* _Work to complete_:
Print the listing exactly as it stands, and skip any pictures in it.

* * * * * * * * *

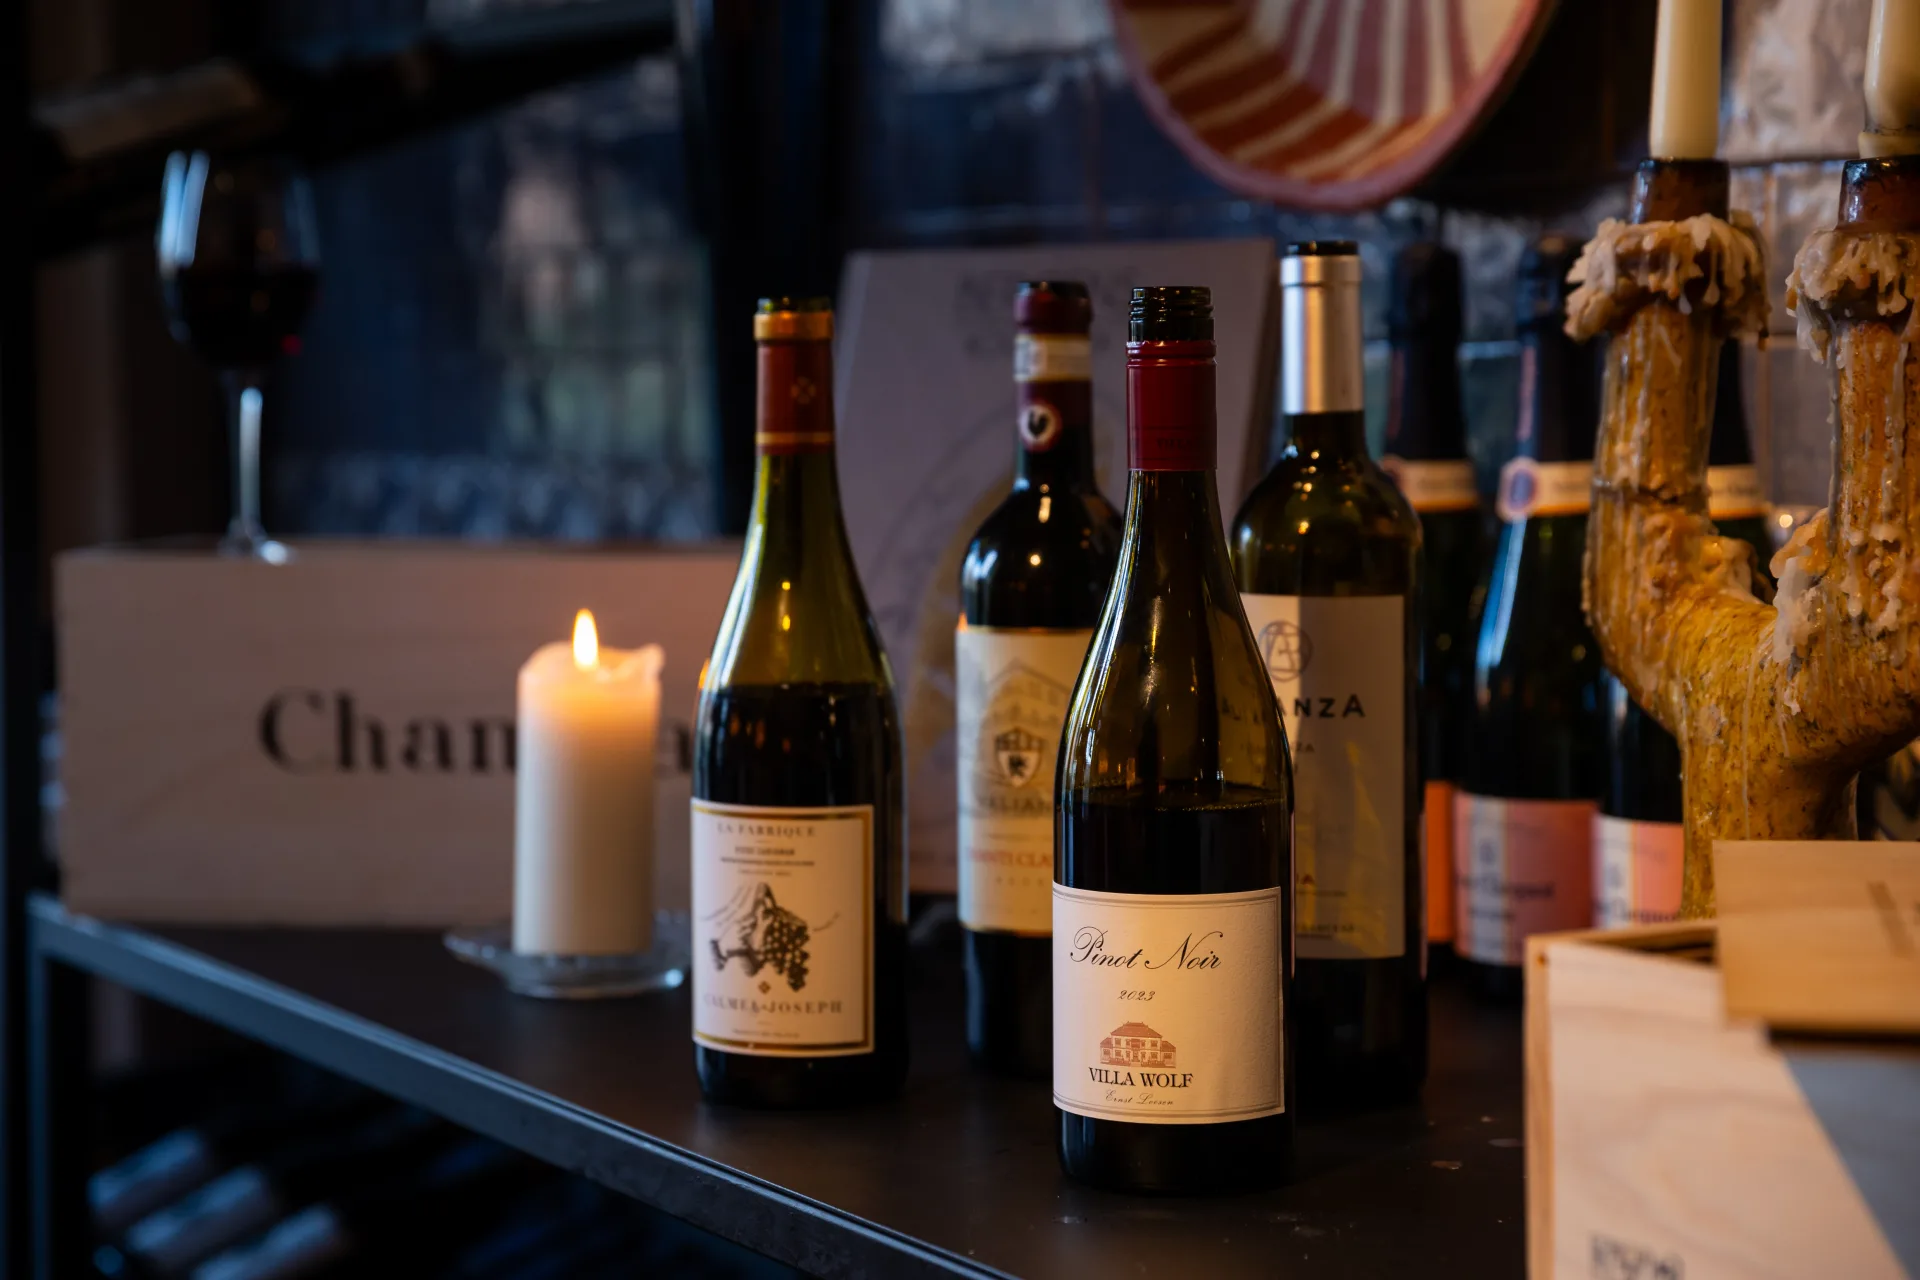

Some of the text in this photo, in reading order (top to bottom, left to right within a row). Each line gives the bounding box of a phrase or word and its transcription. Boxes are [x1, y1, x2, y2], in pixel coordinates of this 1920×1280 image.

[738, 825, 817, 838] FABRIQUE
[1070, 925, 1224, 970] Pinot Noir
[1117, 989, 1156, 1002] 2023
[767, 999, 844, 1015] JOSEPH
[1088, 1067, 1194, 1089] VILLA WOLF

* * * * * * * * *

* _Your solution_:
Some of the text in this photo, in reading order (top to bottom, left to right within a row). Each line gives the bounding box of a phrase or word and its transcription. Boxes are [x1, y1, x2, y2], in pixel coordinates of this 1920×1280 image.

[738, 825, 817, 838] FABRIQUE
[1070, 925, 1224, 970] Pinot Noir
[1117, 989, 1156, 1002] 2023
[767, 999, 844, 1015] JOSEPH
[1088, 1067, 1194, 1089] VILLA WOLF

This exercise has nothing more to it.